Trick: enforce constraints in valid so you don’t generate duplicates.

Optimized valid:

valid Add x y = x <= y
valid Sub x y = x > y
valid Mul x y = x /= 1 && y /= 1 && x <= y
valid Div x y = y /= 1 && x `mod` y == 0

Effect:

  • Only allow Add and Mul in one “canonical order” (x <= y)
  • Don’t multiply by 1
  • Don’t divide by 1

This reduces search space dramatically and speeds up “all solutions” a lot.

13) Summary: What you learned from this lecture

  • How to model a domain with ADTs (Op, Expr)
  • How to represent failure cleanly with lists (eval :: Expr -> [Int])
  • How to do brute force search using list comprehensions (solutions)
  • Why naïve generate-and-test is slow
  • How program fusion (combining generation and evaluation) improves performance
  • How domain laws (commutativity/identity) can reduce duplicates and accelerate search

14) Glossary

  • Brute force: try all possibilities, filter those that work.
  • Search space: the set of all candidates you generate (often huge).
  • Guard (in list comprehension): a boolean filter, e.g. , valid o x y.
  • Program fusion: combine two sequential passes into one (generate + evaluate).
  • Result: a paired structure (Expr, Int) carrying expression plus value.
  • Canonical form: a rule (like x <= y) used to avoid duplicates.

15) Mini-exercises (with solutions)

Exercise A: Why does eval return a list?

Answer: It encodes failure/success with [] vs [n] and lets list comprehensions propagate failure automatically.

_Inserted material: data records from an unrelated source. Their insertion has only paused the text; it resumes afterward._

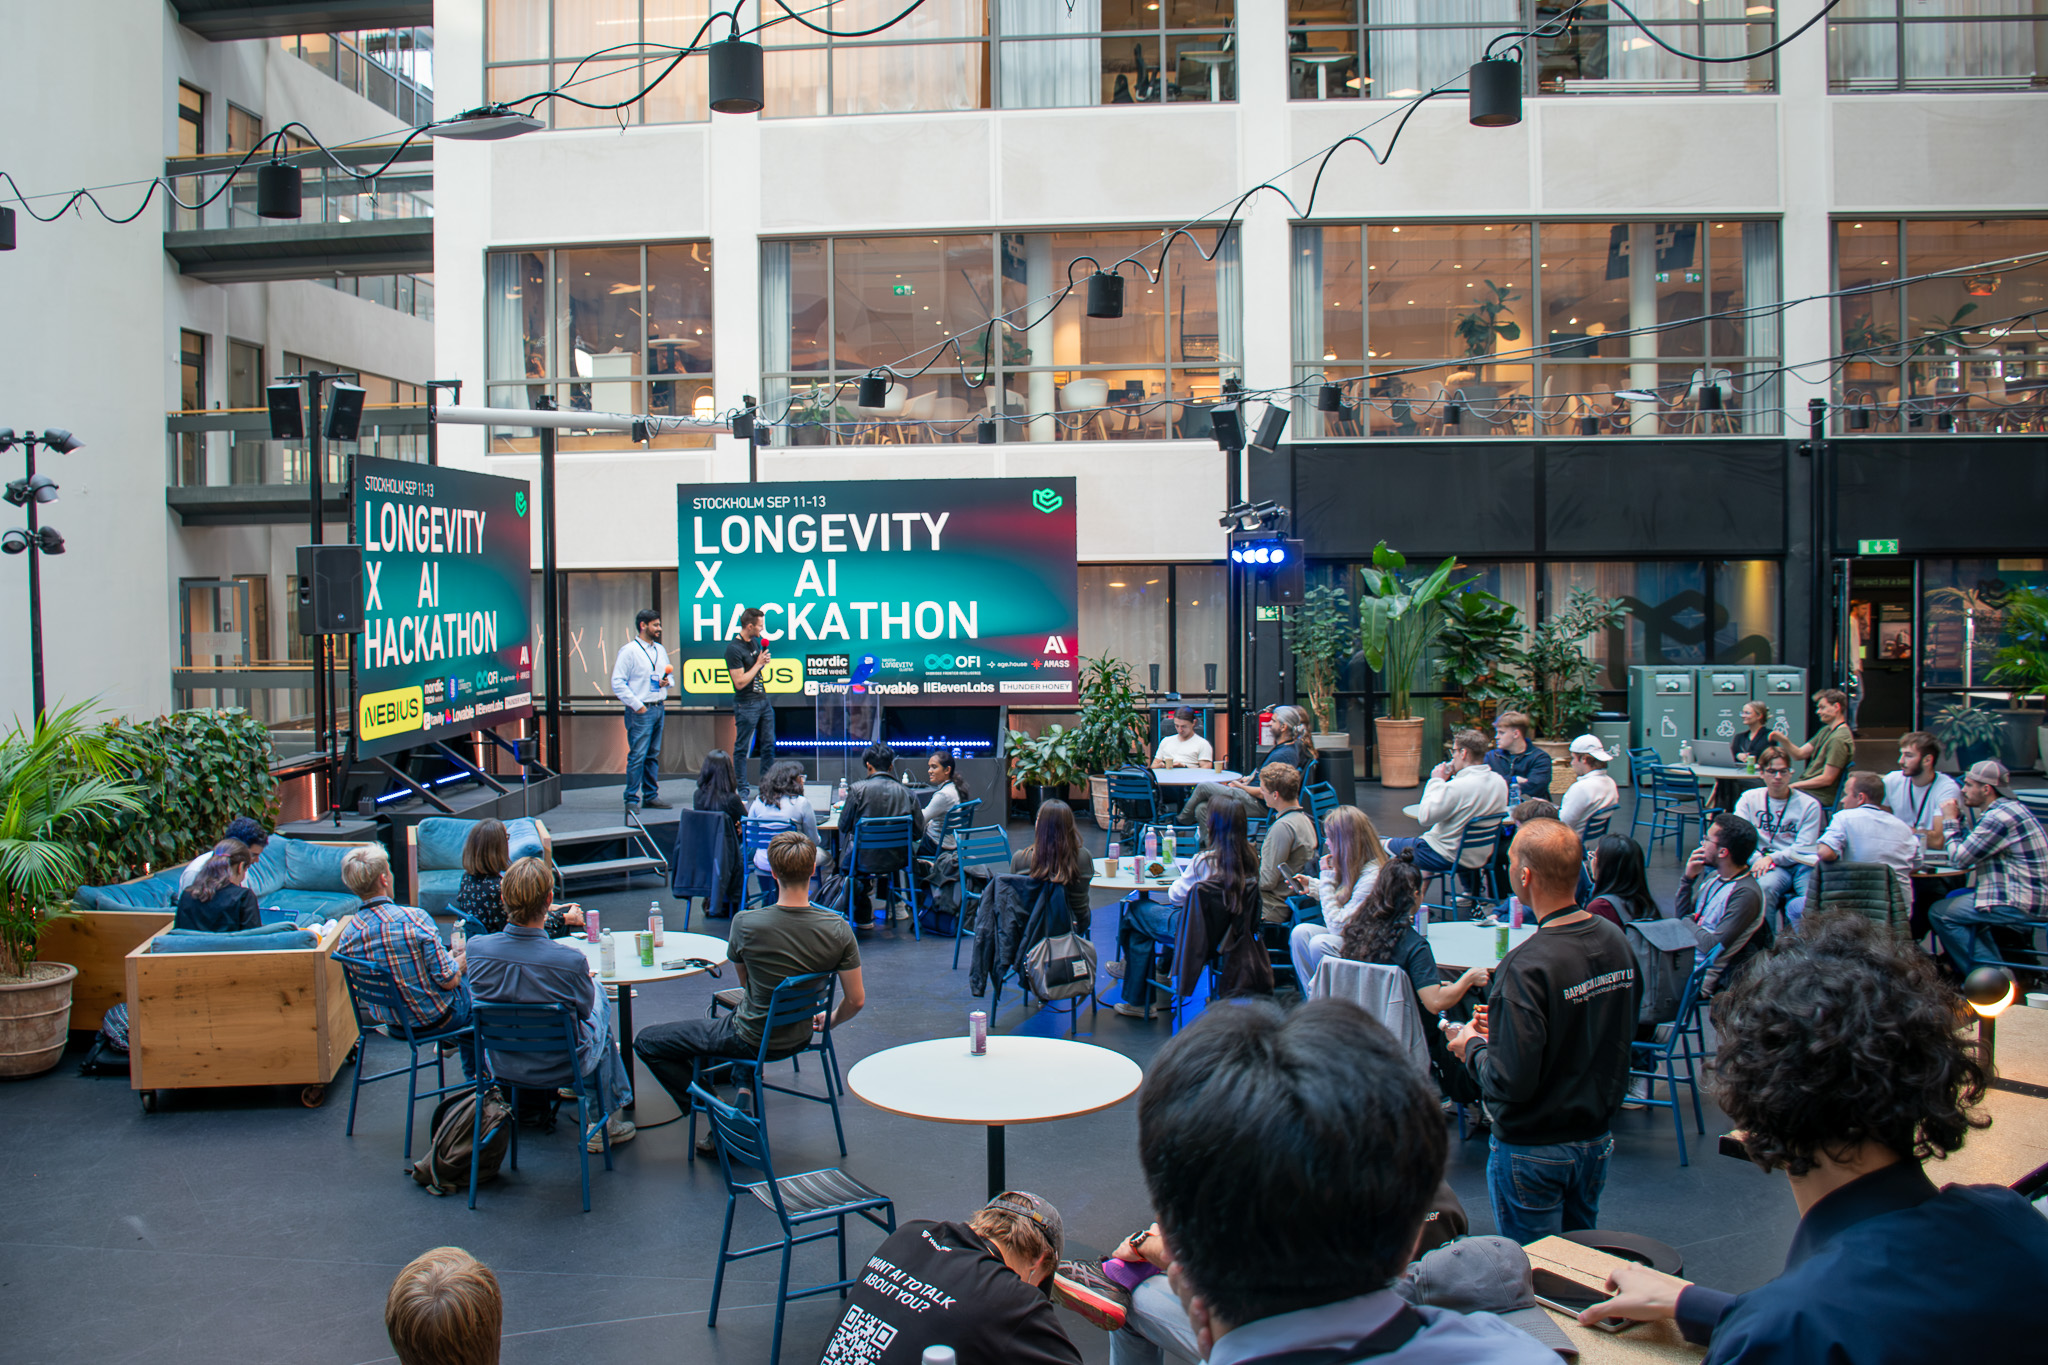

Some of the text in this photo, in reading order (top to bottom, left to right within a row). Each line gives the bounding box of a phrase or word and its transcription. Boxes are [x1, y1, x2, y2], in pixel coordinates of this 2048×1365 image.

[365, 475, 435, 498] STOCKHOLM SEP 11-13
[693, 495, 826, 509] STOCKHOLM SEP 11-13
[366, 501, 485, 554] LONGEVITY
[694, 512, 949, 554] LONGEVITY
[366, 561, 438, 611] X AI
[695, 559, 836, 598] X AI
[693, 601, 977, 641] HACKATHON
[365, 611, 497, 669] HACKATHON
[808, 656, 847, 667] nordic
[955, 656, 981, 668] OFI
[1043, 660, 1070, 668] AMASS
[487, 671, 498, 686] OFI
[693, 668, 794, 684] NEUS
[424, 680, 445, 696] nordic
[868, 681, 919, 695] Lovable
[1003, 683, 1070, 691] THUNDER HONEY
[365, 698, 419, 728] NEBIUS
[452, 705, 475, 723] Lovable
[862, 1272, 931, 1313] ABOUT YOU?
[867, 1256, 957, 1310] WANT AI TO TALK

Exercise B: Write combine and combine'

Solution:

combine l r = [App o l r | o <- [Add,Sub,Mul,Div]]

combine' (l,x) (r,y) =
  [ (App o l r, apply o x y)
  | o <- [Add,Sub,Mul,Div]
  , valid o x y
  ]

Exercise C: Return just the values from results

Write resultsValues :: [Int] -> [Int] that collects all values produced.

Solution:

resultsValues :: [Int] -> [Int]
resultsValues ns = [v | (_, v) <- results ns]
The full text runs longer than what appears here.